The science of symptoms. What? We value the art of medicine and the importance of the clinical history. But we rarely think about quantifying these symptoms. GPs rarely measure breathlessness using the MRC Dyspnoea Scale or New York Heart Association classification (in heart failure). We seldom actually measure the volume of sputum, except in patients with cystic fibrosis, or use sputum colour charts to grade infection. How do you grade the severity of a cough? Jon described a colleague, affectionately known as professor cough, who not only measures cough but can make a specific diagnosis based only on the pattern of the cough. We may not yet have begun to think seriously about the science of symptoms, but we are starting to look at the science of signs. We can already quantify signs to estimate prognosis and, in respiratory medicine the CURB-65 is already well validated. The BMJ is interested in prognosis modelling so, expect to see more about prognostic scales and in the future, I expect to see more research into measuring symptoms.

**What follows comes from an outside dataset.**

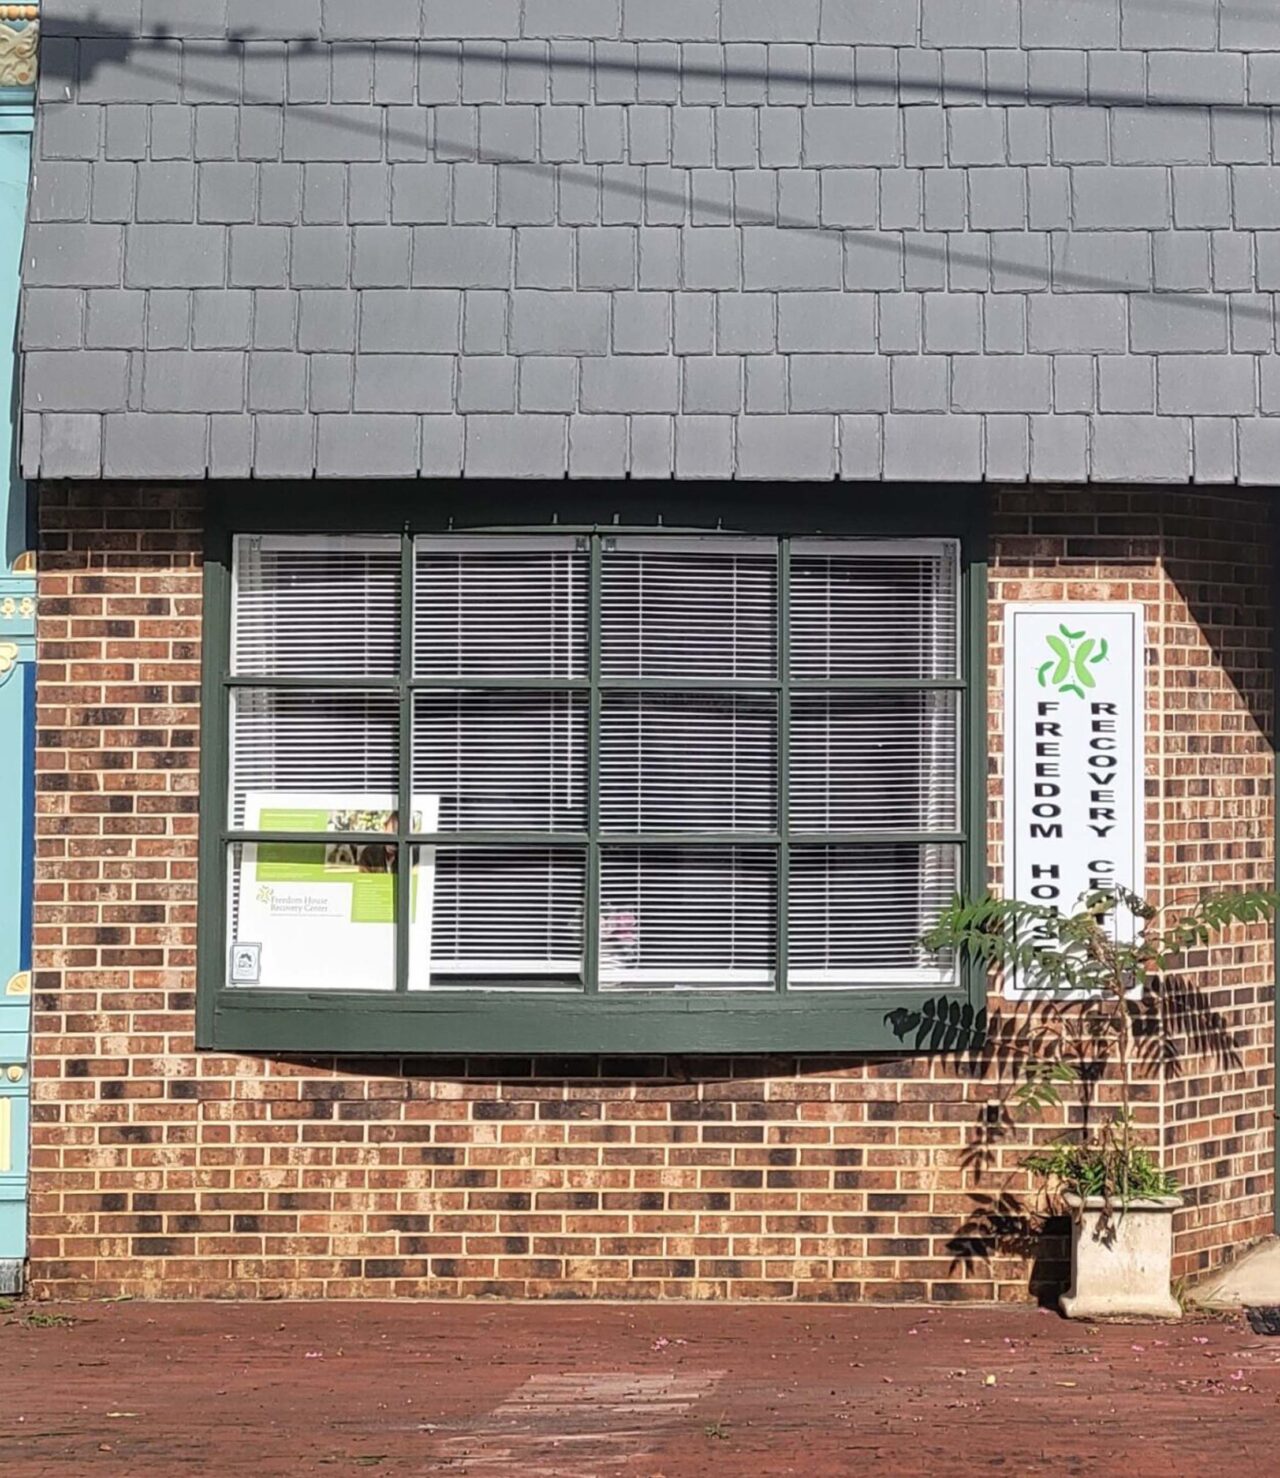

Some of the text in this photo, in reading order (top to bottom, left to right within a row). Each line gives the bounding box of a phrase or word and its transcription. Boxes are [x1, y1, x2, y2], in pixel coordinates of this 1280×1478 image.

[1030, 701, 1063, 839] FREEDOM
[1087, 702, 1118, 838] RECOVERY
[270, 904, 328, 913] Recovery Center
[271, 895, 328, 905] Freedom House

Do you still use a stethoscope or an ophthalmoscope? So, last century. Traditionally trained clinicians might have come away from the masterclass a little disillusioned: The stethoscope, our traditional garland of honour, may be of little value in respiratory medicine and, possibly in general practice; its sensitivity and specificity is poor. Our ophthalmologist, Dan Nolan, from Pennine Acute Hospital NHS Trust, also questioned our clinical acumen when pointing out that retinoscopy, without pupil dilation, is virtually worthless.
But I did learn some important lessons in contemporary medicine- that in a contact lens wearer, an acute red eye should always be referred to a specialist as lens pressure can harm the corneal micro vessels. And, from Jonathan Bowling, a dermatologist in Oxford, that the allergenic pigment in black hair dye is the same as is used in black henna tattoos, a useful diagnostic test. His dermatology quiz challenged, entertained, and frustrated us. Unsurprisingly, none of the audience could identify Tinea Incognito.
Domhnall MacAuley is primary care editor, BMJ

What do you mean “start doing pulse oximetry in all our obese patients”? In my practice (I am a respiratory physician) the oximeter follows my handshake with every patient. Sometimes it even comes first: as the patient walks the few steps from the waiting room into the office I can quickly get an early indication of exercise desaturation, which may escape detection when they have sat down for ten minutes during history taking. Artificial light is not very good for picking up central cyanosis. As to the stethoscope, one of my mentors used to say that the modern chest physician can be deaf but cannot be blind as radiology is a key instrument in our diagnosis. However, the stethoscope is to the clinician the equivalent of the stole to the cleric: a mark of authority, a symbol of Hippocratic (or Laennecian) acumen, a powerful placebo that we can only ignore at our peril.
Dr Anthony Papagiannis
October 23rd, 2009 at 10:35 pm
[...] MacAuley reports on a recent respiratory medicine master class, from which he comes off thinking about the [...]
Square One » The stethoscope as stole or placebo
October 25th, 2009 at 12:14 am
this masterclass is aimed at general practitioners. While most of us have pulse oximeters, we tend to use them more in assessing the ill patient rather than in routine practice. Jon Miles certainly made me think…..but I guess that is the purpose of education. the oximeter may follow the handshake, but John MacLeod’s obituary in this weeks BMJ, tells how he used shake the hands of elderly patients on home visits in North Uist to check for hypothermia….there is still a place for the art of clinical medicine.
Domhnall MacAuley
October 26th, 2009 at 9:56 am
I fully agree–the art won’t, I hope, lose its value in the foreseeable future.